In 2015, the international community will continue trying to resolve these conflicts and prevent hospitals and health workers from becoming targets of violence. Last year in a landmark resolution, the United Nations stepped up to lead the global effort to protect health workers and hold accountable those who perpetrate violence against them.
- Ebola. Ebola killed over 8,000 people in 2014, including hundreds of health workers. In 2015, West Africa and the world will continue struggling to contain the epidemic. We will also encounter Ebola’s devastating ripple effects: setbacks in HIV and maternal health progress, traumatized communities, and thousands of children orphaned by the disease and abandoned by their remaining family members. This last issue will add to the already great need for social service workers in West Africa who are trained and prepared to meet the specific needs of vulnerable children.
Ebola has made clear the global need to invest in health systems for the long term—and in health workers.
- New sustainable development goals. This year marks target date for reaching the Millennium Development Goals, which have led to massive worldwide improvements in health and well-being over just 25 years. Now global leaders are finalizing a new set of objectives for global development: the sustainable development goals. These new goals could unite countries on the path toward one of the international community’s most ambitious goals: universal health coverage. To achieve it, we’ll need a greater focus on the global health workforce than the world has ever seen.

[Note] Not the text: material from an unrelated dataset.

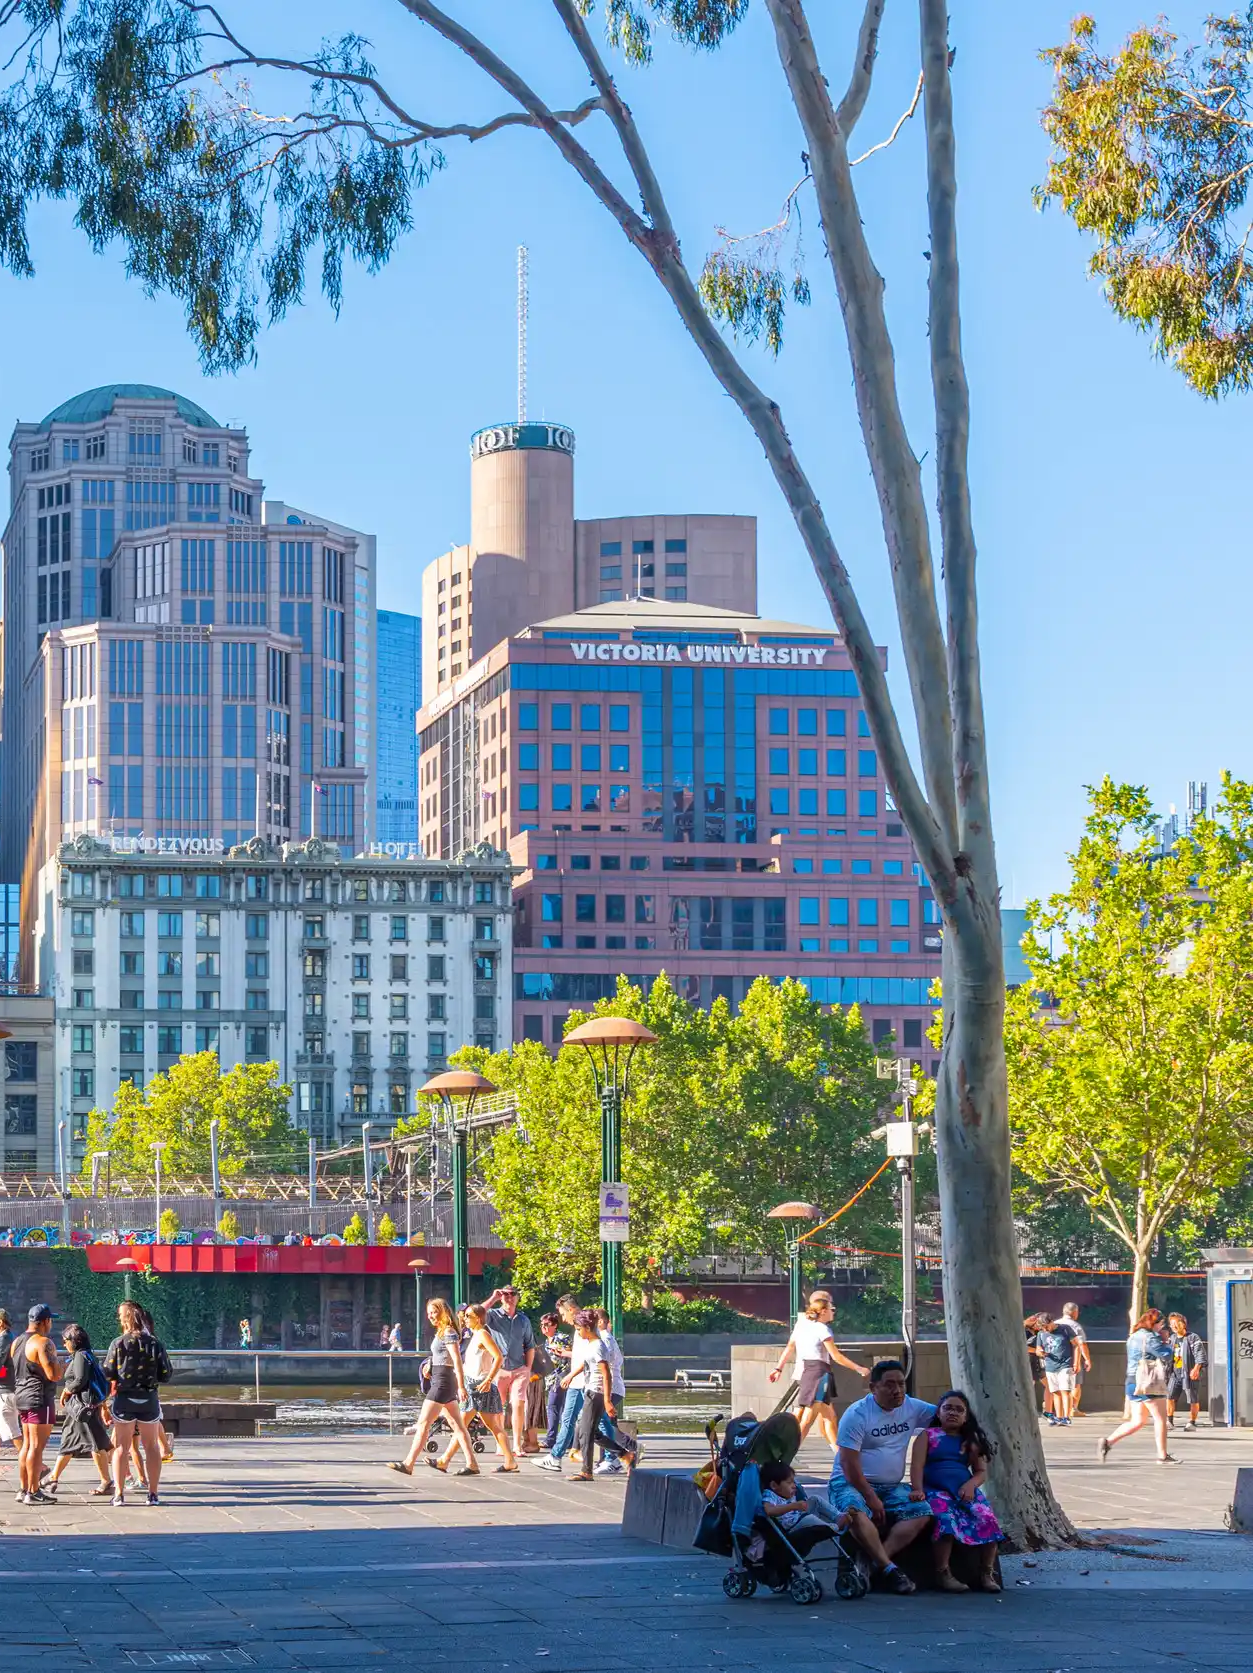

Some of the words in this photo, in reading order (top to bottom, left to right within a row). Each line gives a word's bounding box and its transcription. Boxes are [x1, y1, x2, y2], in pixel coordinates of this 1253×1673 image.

- People-centered health systems.
Perhaps more than any crisis in living memory, Ebola has shone a spotlight on the importance of people in health systems. Take away the people—as Ebola has done by killing 500 health workers in West Africa and beyond—and the system crumbles. Each part of the health system requires people to make health care work, and not just clinicians, but statisticians, finance experts, technologists, and, of course, all of us who seek health care services.
This year, individual countries and the global development community should begin (or continue) to ask a key question: How do we make our most valuable resources—human beings—a priority as we strengthen our health systems?
In 2015, we could begin answering that question together.